Many strategies were adopted to ensure rigour. Once married, many women had very challenging sexual experiences. It emphasises the multidimensional nature of female sexual difficulties, particularly the gender-based norms that inhibit their sexual selves and profoundly affect their sexual wellbeing and capacity to claim their sexual likes and dislikes. Findings have implications on research and practice to help women prevent and overcome their sexual difficulties.
Peer Review reports. Satisfying sexual experiences throughout the life course and the perception of living a good quality of life and experiencing general wellbeing are associated [ 12 ]. However, with increasing age, sexual functioning and satisfaction may also change [ 3 ].
For women, the transition to menopause constitutes a ificant physical and psychosocial Women wants sex Arlington Illinois at middle-age. From a biomedical perspective, the literature abounds with epidemiological studies about different forms of female sexual disorders affecting women across cultures and age groups [ 456 ] in both developed and developing countries [ 789 ].

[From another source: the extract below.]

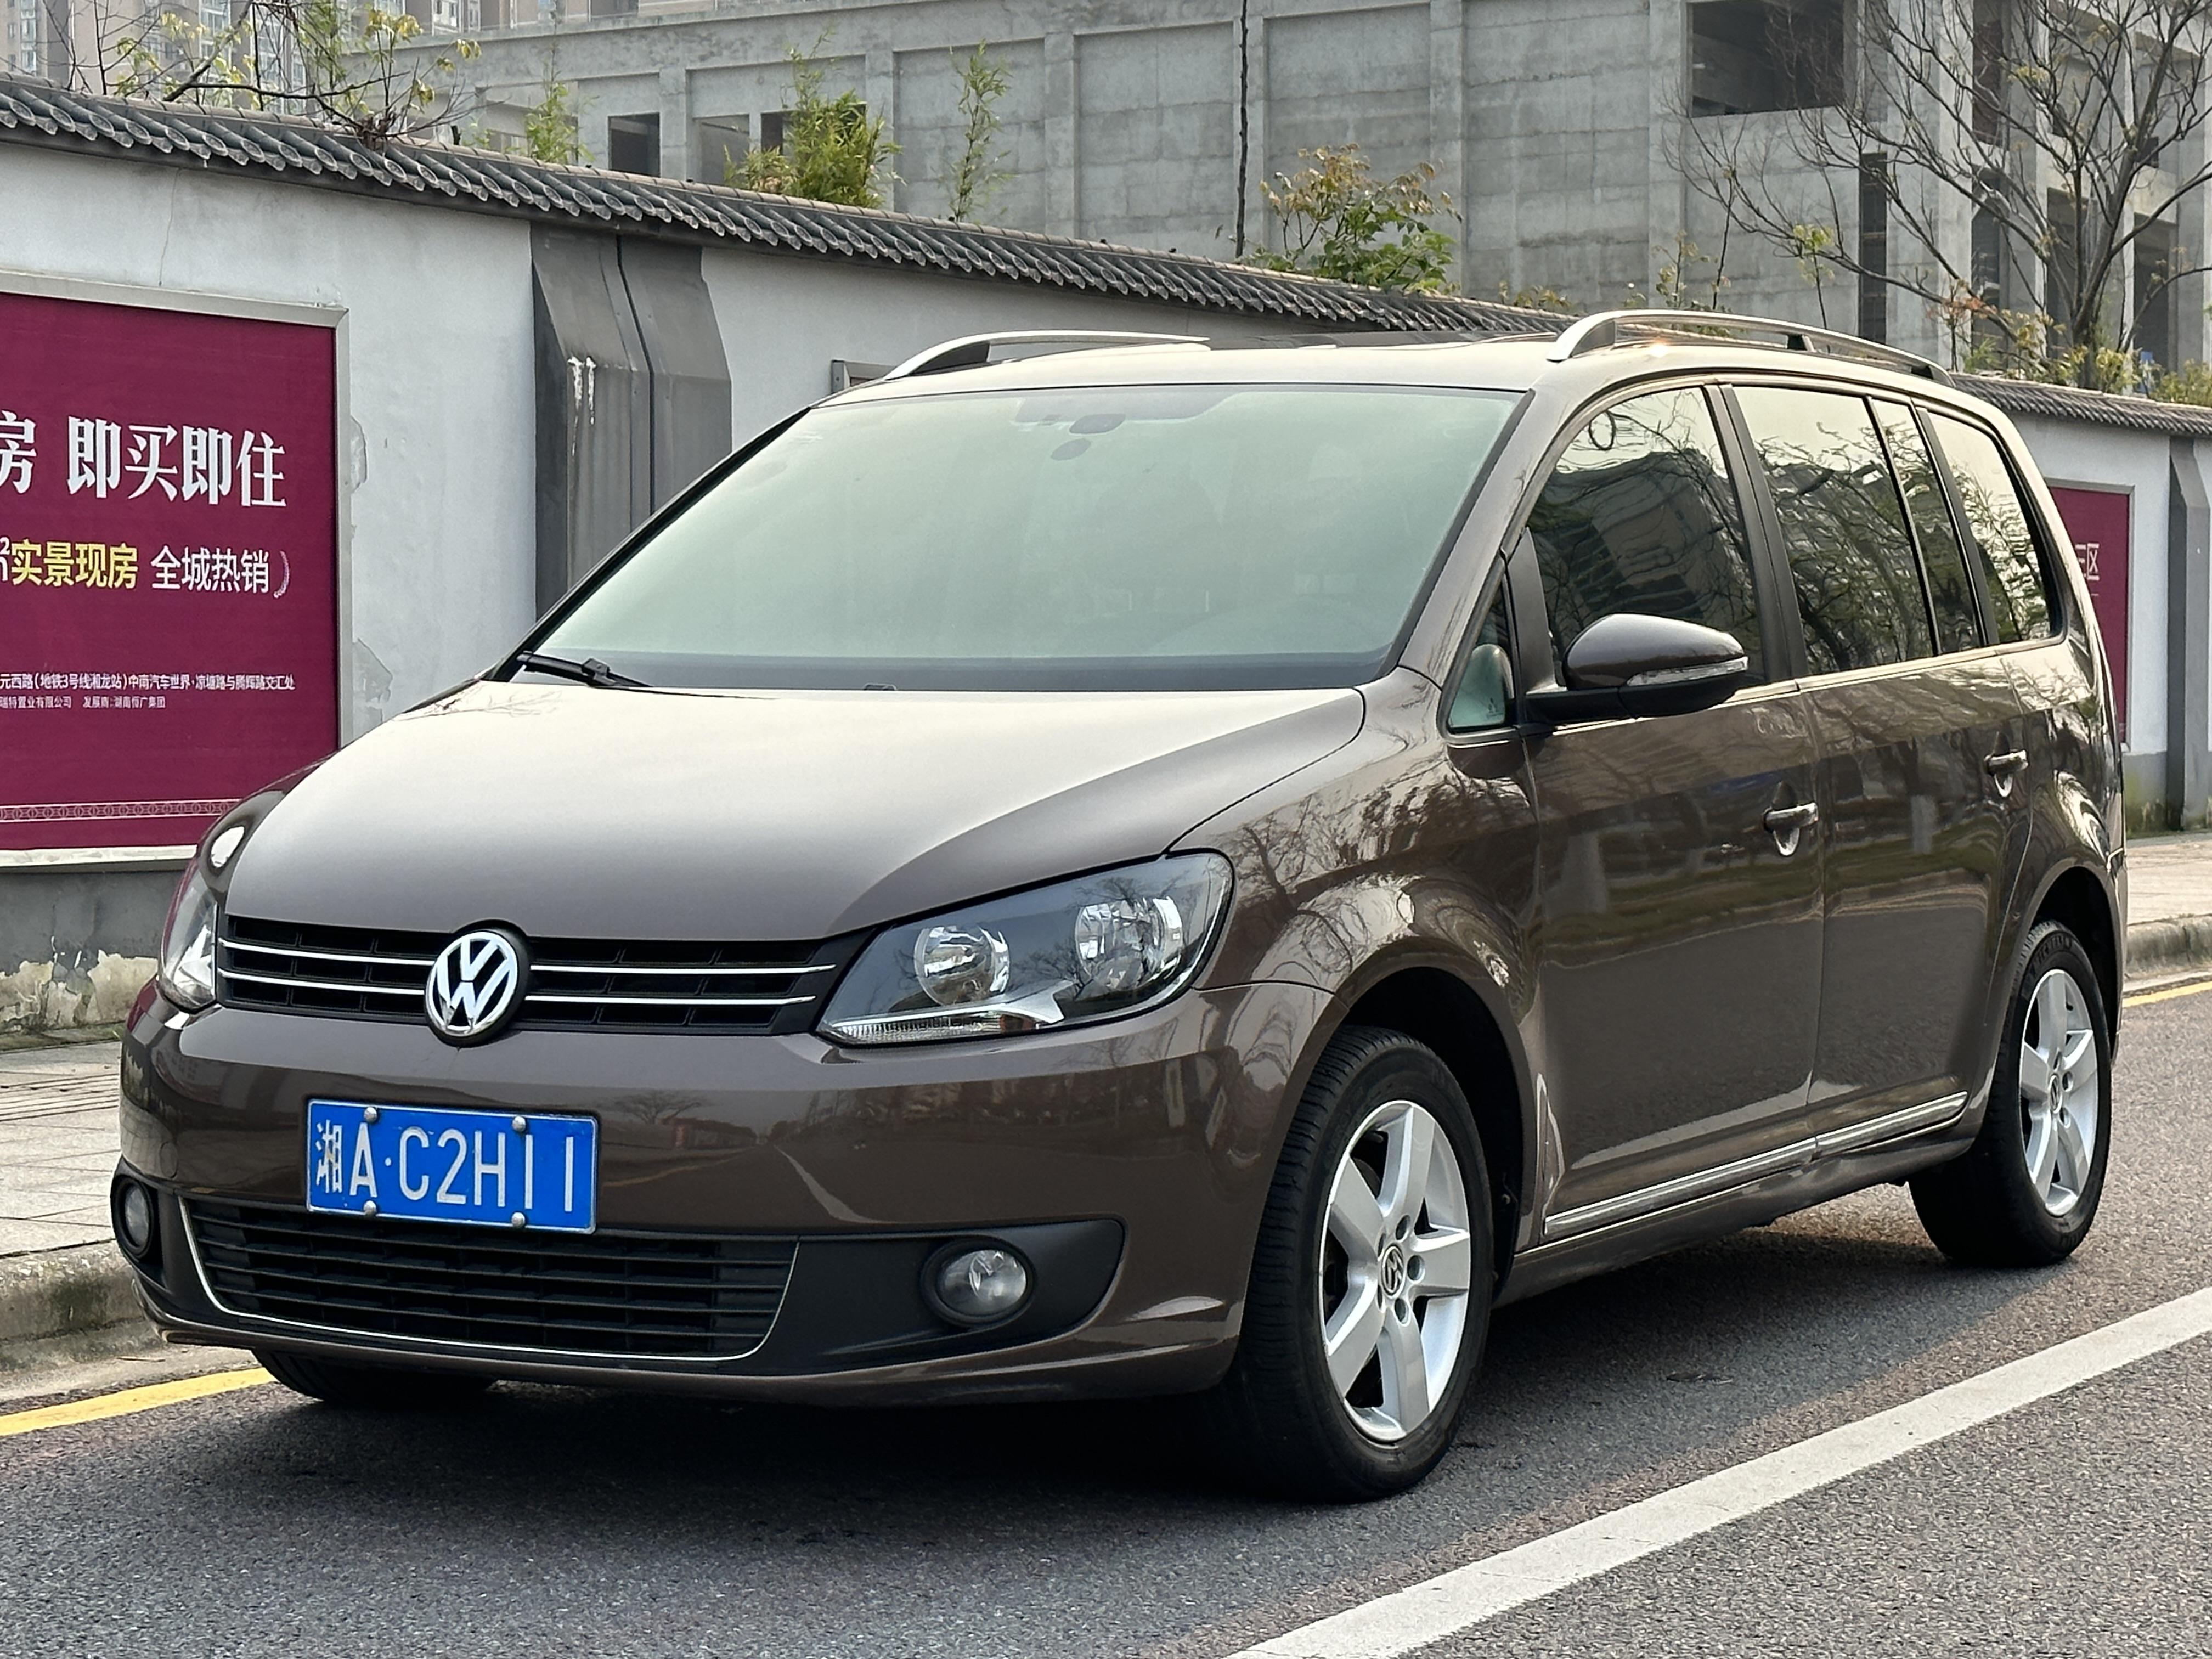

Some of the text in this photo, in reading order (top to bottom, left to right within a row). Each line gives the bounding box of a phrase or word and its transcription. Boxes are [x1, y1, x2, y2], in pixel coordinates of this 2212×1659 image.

Sexual problems increase three folds in the climacteric [ 10 ] and are 2. A systematic review of quantitative studies from 41 countries identified a multitude of factors that predict female sexual problems, confirming their multidimensional nature [ 13 ]. The review revealed some protective factors such as having an intimate relationship and communication, getting married at an older age, being sexually educated and having a favourable body image.
Women scored less than men in their sexual wellbeing [ 815 ]. But whether and how these changes affect women depends mainly on the way they are perceived [ 18 ]. For instance, it is not certain that menopausal changes inexorably affect sexual desire. With ageing, many women report better sexual functioning [ 1920 ], an increased frequency of orgasm during intercourse and the of those who claimed never having had an orgasm decreased [ 212223 ]. A study by Berra and colleagues [ 24 ] also revealed that menopausal women For some women, a low sexual desire did not cause distress in the menopausal transition and did not threaten their relationship with the partner [ 25 ].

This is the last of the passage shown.